EMGO Institute for Health and Care Research, VU University Medical Center, 1081 BT Amsterdam, The Netherlands.
J Clin Epidemiol. 2010 Jan;63(1):37-45. doi: 10.1016/j.jclinepi.2009.03.011. Epub 2009 Jun 21.
Determining "minimally important change" (MIC) facilitates the interpretation of change scores on multi-item instruments. This article focuses on how MIC values should be interpreted when applied to individual patients.
The MIC value of a hypothetical questionnaire "Q" was determined in a sample of 400 patients who improved and 100 patients who did not improve, using the receiver operating characteristic (ROC) method, and three methods to quantify the uncertainty.
The MIC value on questionnaire Q was 10.5. Firstly, the 95% confidence interval (CI) of the MIC value (for questionnaire Q: 5.6-14.2) quantifies the uncertainty of the estimation of the MIC value. Secondly, "how sure we are that this MIC value holds for every patient" is quantified by the values for sensitivity (74%) and specificity (91%). Thirdly, the smallest detectable change (SDC) on questionnaire Q is calculated (16.0) to consider whether the MIC value (10.5) falls outside or within the measurement error.
For application in clinical research and practice, MIC values are always considered at the individual level, but determined in groups of patients. The interpretation comes with different forms of uncertainty. To appreciate the uncertainty, knowledge of the underlying distributions of change scores is indispensable.
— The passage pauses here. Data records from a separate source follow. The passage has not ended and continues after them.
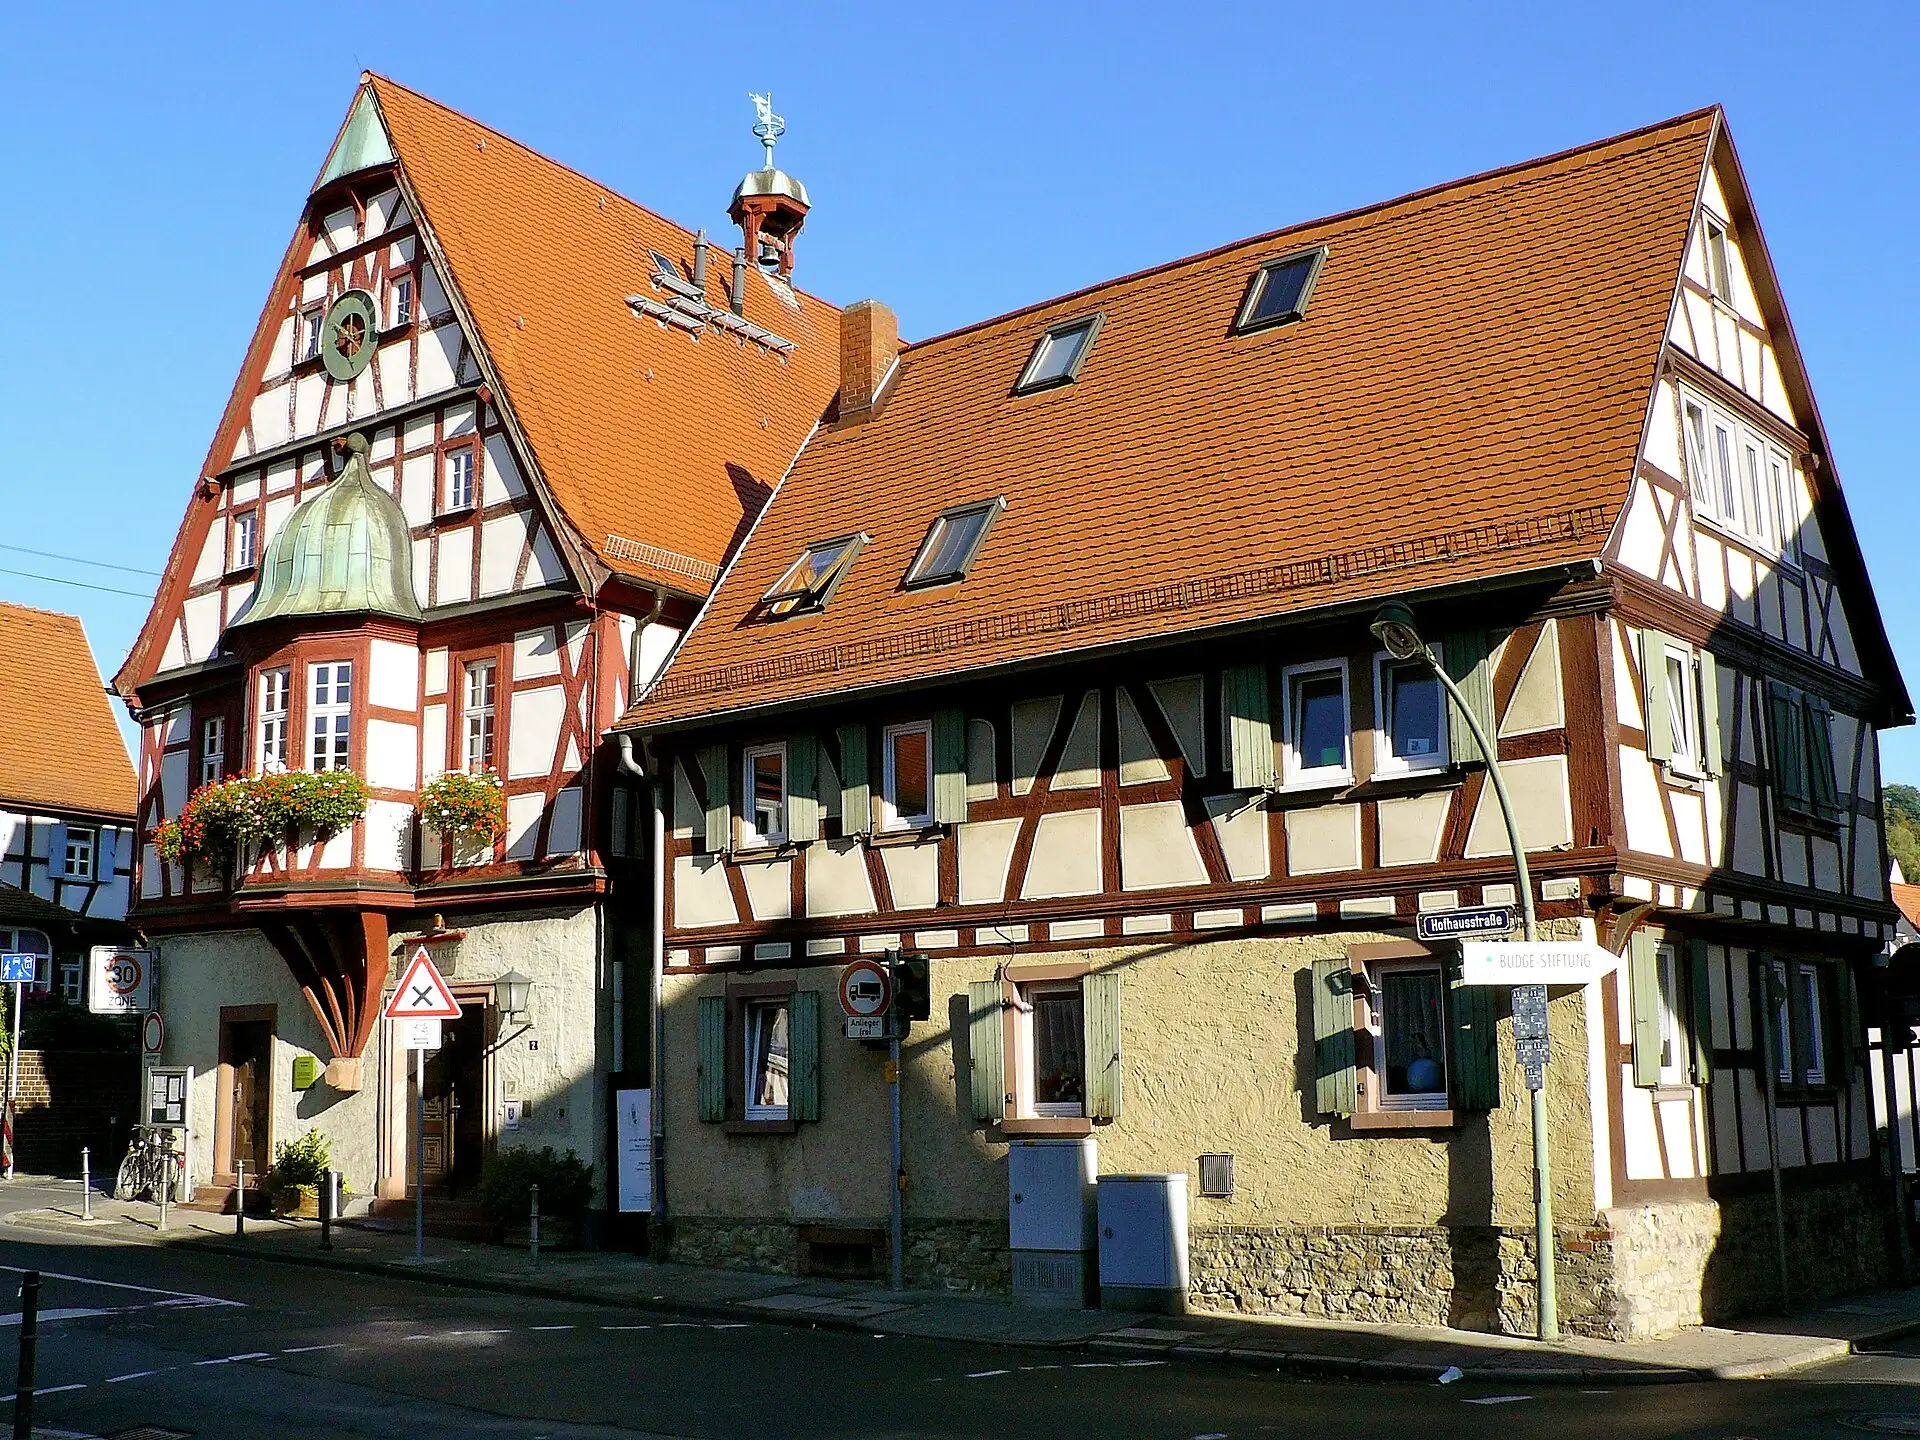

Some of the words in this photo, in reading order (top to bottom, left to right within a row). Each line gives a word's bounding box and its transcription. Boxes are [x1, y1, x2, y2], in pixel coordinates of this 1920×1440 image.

[1431, 914, 1503, 932] Hofhausstraße
[1500, 953, 1591, 968] BUDGE-STIFTUNG
[112, 966, 134, 983] 30
[109, 997, 136, 1006] ZONE
[851, 1019, 880, 1029] Anlieger
[860, 1026, 872, 1036] frei
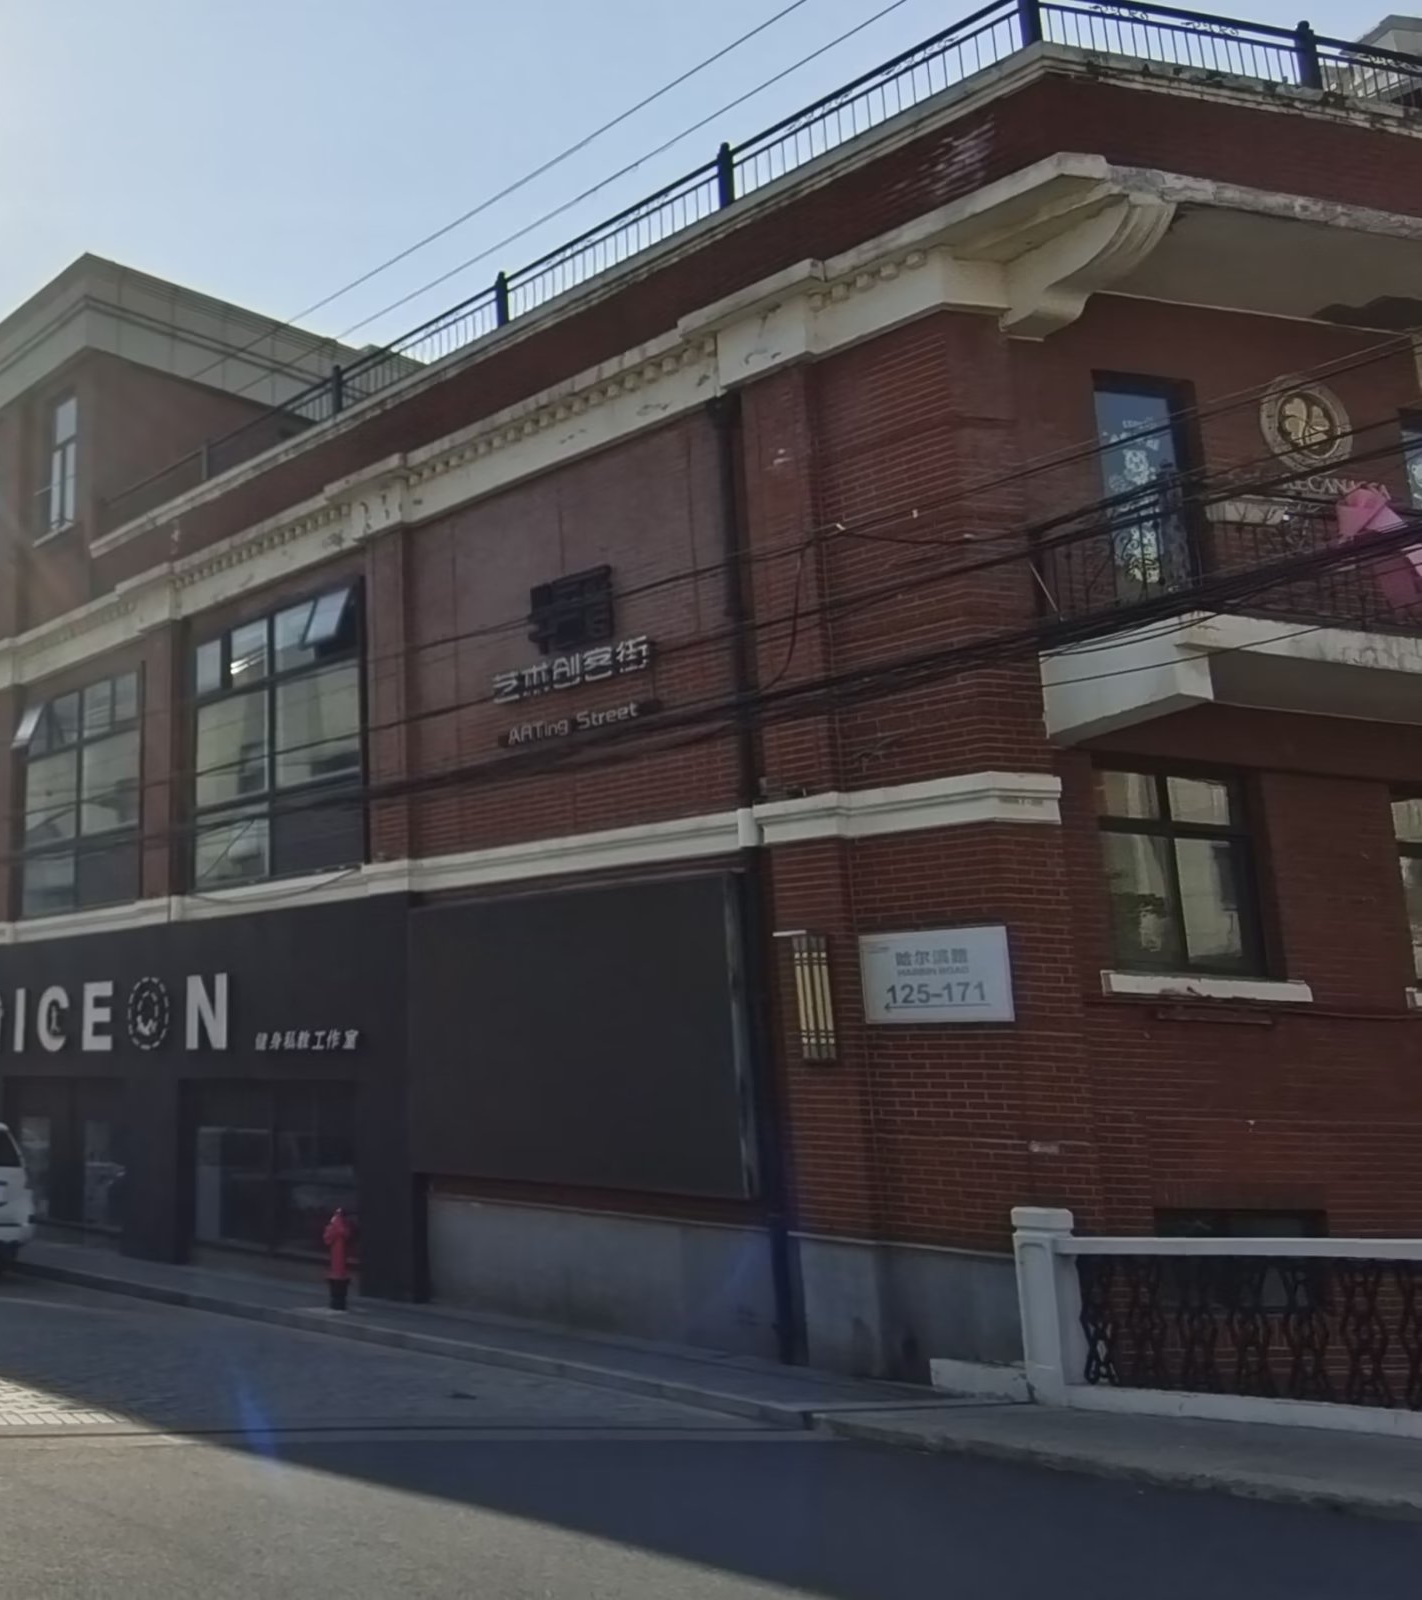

确定“最小临床重要变化”(MIC)有助于解释多项目工具的变化分数。本文重点介绍了在应用于个体患者时如何解释 MIC 值。
使用受试者工作特征(ROC)方法和三种量化不确定性的方法,在 400 名改善的患者和 100 名未改善的患者样本中确定了假设问卷“Q”的 MIC 值。
问卷 Q 的 MIC 值为 10.5。首先,MIC 值的 95%置信区间(CI)(对于问卷 Q:5.6-14.2)量化了 MIC 值估计的不确定性。其次,通过灵敏度(74%)和特异性(91%)的值来量化“我们对每个患者的 MIC 值的把握程度”。第三,计算问卷 Q 的最小可检测变化(SDC),以考虑 MIC 值(10.5)是否落在测量误差之外或之内。
对于临床研究和实践的应用,MIC 值始终在个体水平上考虑,但在患者群体中确定。解释带有不同形式的不确定性。为了理解不确定性,必须了解变化分数的基础分布。